What to work on — Because the images are not wanted, restate every line below word for word without them.

[Image-backed grounding data]
BEGIN
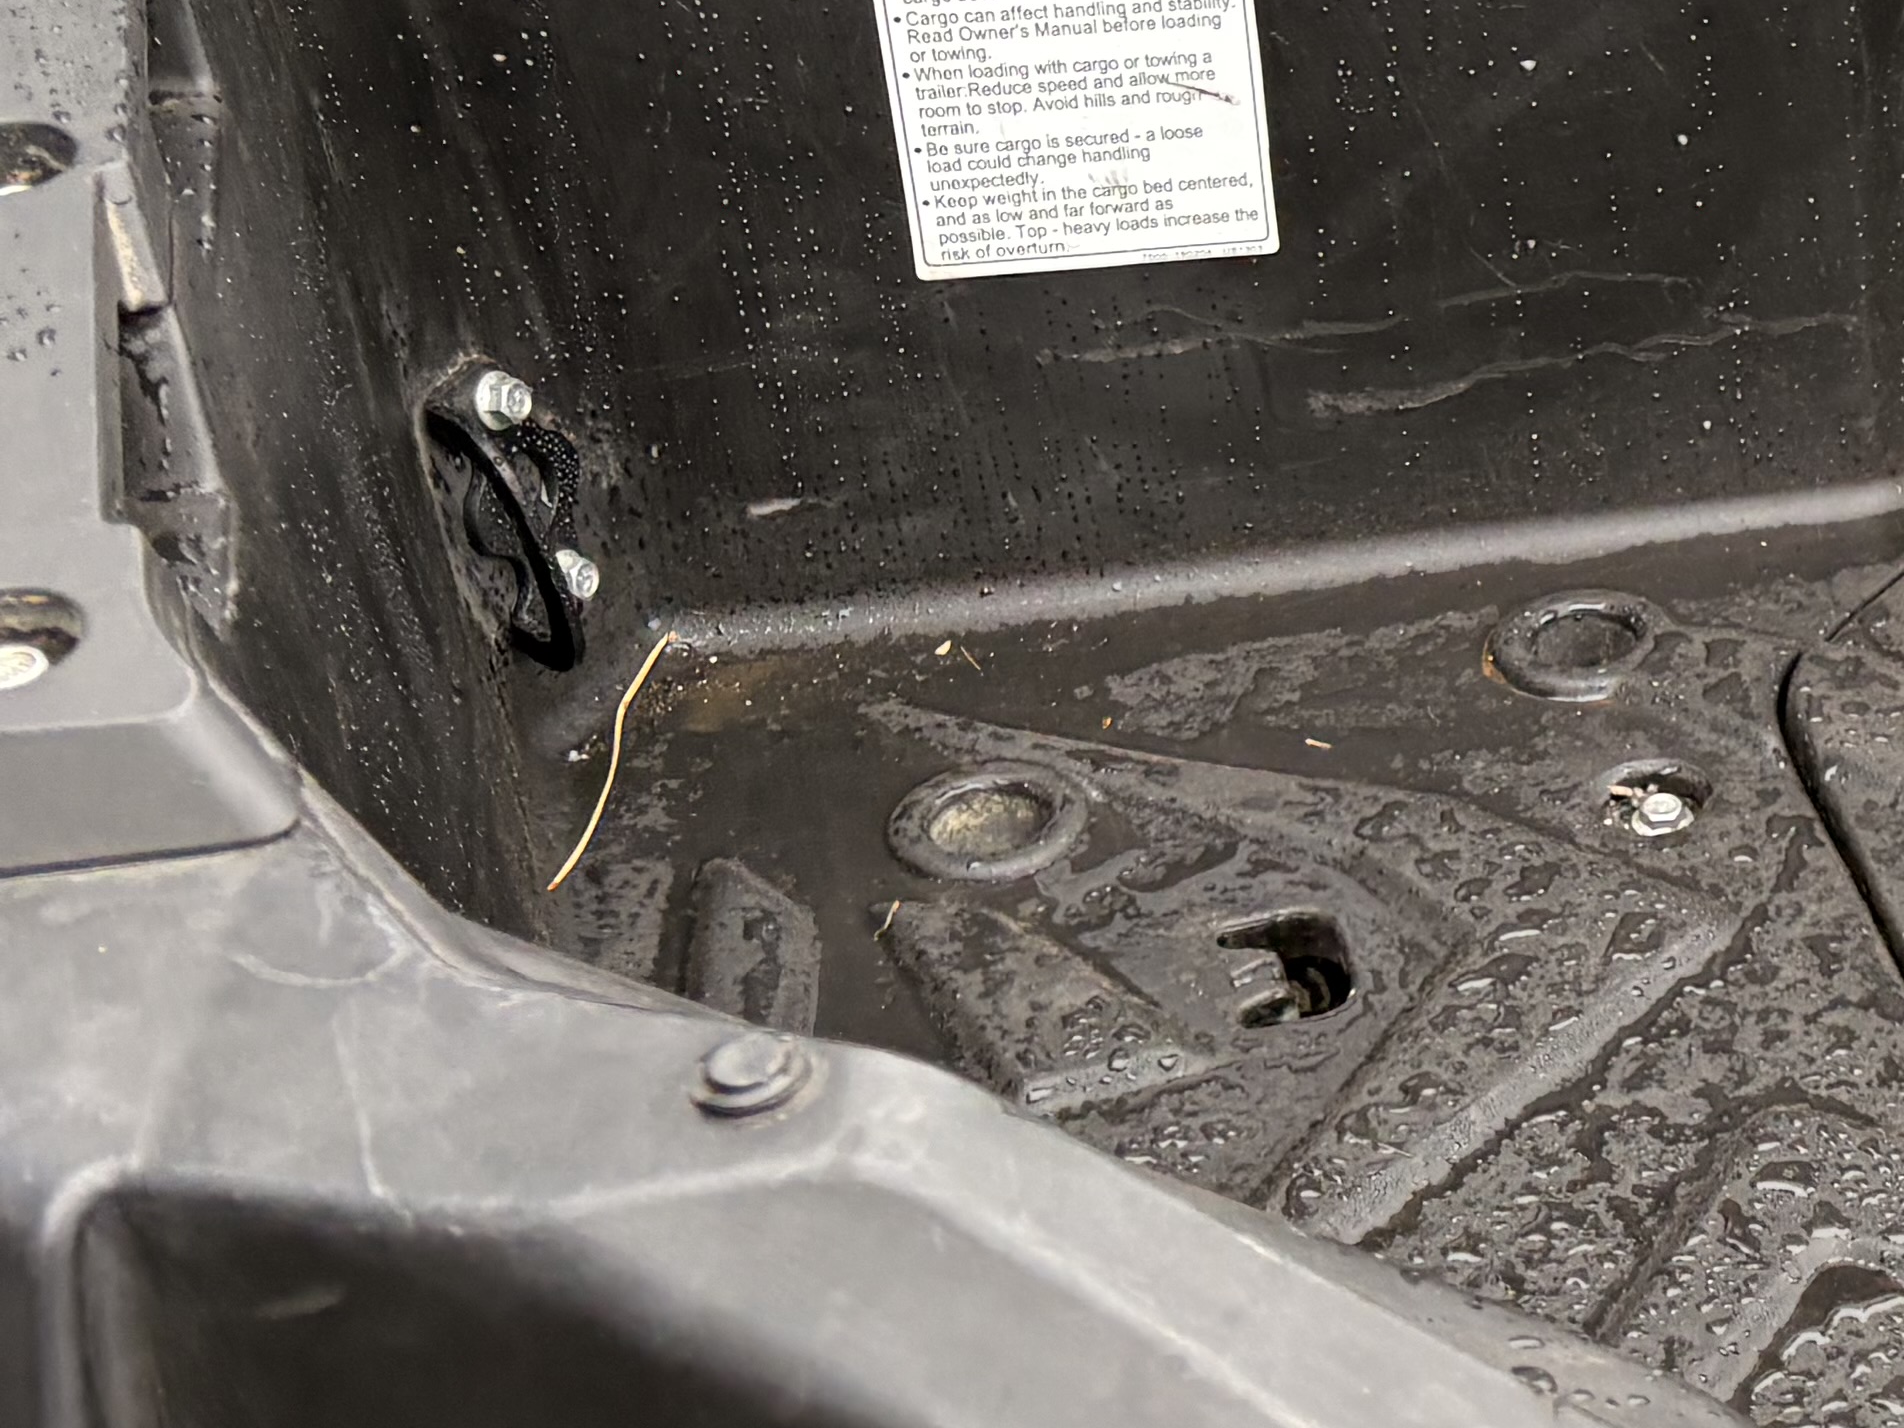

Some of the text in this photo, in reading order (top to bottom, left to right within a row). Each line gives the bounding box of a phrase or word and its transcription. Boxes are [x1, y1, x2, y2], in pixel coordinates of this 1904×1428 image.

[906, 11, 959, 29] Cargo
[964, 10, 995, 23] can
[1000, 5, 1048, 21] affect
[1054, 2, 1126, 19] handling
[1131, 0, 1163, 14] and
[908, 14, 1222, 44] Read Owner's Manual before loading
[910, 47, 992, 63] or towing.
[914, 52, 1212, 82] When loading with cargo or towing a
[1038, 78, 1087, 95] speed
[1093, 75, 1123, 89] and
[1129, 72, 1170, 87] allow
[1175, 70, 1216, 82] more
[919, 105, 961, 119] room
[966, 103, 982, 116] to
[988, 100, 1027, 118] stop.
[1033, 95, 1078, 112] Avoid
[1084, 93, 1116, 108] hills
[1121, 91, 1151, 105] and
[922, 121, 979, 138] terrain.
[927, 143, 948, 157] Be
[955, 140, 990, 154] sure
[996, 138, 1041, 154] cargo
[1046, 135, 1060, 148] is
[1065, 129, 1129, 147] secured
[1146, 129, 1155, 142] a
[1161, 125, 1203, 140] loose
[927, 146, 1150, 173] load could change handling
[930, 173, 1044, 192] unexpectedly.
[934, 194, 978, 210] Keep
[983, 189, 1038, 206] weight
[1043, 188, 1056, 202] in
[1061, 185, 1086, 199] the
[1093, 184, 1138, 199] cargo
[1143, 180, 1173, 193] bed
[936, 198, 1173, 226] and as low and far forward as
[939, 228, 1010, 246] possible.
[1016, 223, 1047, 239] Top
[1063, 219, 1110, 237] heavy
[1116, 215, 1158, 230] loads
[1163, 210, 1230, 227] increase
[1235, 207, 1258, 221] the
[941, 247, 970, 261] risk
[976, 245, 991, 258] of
END
Result of the exercise —
Some of the text in this photo, in reading order (top to bottom, left to right within a row). Each line gives the bounding box of a phrase or word and its transcription. Boxes are [x1, y1, x2, y2], in pixel coordinates of this 1904×1428 image.

[906, 11, 959, 29] Cargo
[964, 10, 995, 23] can
[1000, 5, 1048, 21] affect
[1054, 2, 1126, 19] handling
[1131, 0, 1163, 14] and
[908, 14, 1222, 44] Read Owner's Manual before loading
[910, 47, 992, 63] or towing.
[914, 52, 1212, 82] When loading with cargo or towing a
[1038, 78, 1087, 95] speed
[1093, 75, 1123, 89] and
[1129, 72, 1170, 87] allow
[1175, 70, 1216, 82] more
[919, 105, 961, 119] room
[966, 103, 982, 116] to
[988, 100, 1027, 118] stop.
[1033, 95, 1078, 112] Avoid
[1084, 93, 1116, 108] hills
[1121, 91, 1151, 105] and
[922, 121, 979, 138] terrain.
[927, 143, 948, 157] Be
[955, 140, 990, 154] sure
[996, 138, 1041, 154] cargo
[1046, 135, 1060, 148] is
[1065, 129, 1129, 147] secured
[1146, 129, 1155, 142] a
[1161, 125, 1203, 140] loose
[927, 146, 1150, 173] load could change handling
[930, 173, 1044, 192] unexpectedly.
[934, 194, 978, 210] Keep
[983, 189, 1038, 206] weight
[1043, 188, 1056, 202] in
[1061, 185, 1086, 199] the
[1093, 184, 1138, 199] cargo
[1143, 180, 1173, 193] bed
[936, 198, 1173, 226] and as low and far forward as
[939, 228, 1010, 246] possible.
[1016, 223, 1047, 239] Top
[1063, 219, 1110, 237] heavy
[1116, 215, 1158, 230] loads
[1163, 210, 1230, 227] increase
[1235, 207, 1258, 221] the
[941, 247, 970, 261] risk
[976, 245, 991, 258] of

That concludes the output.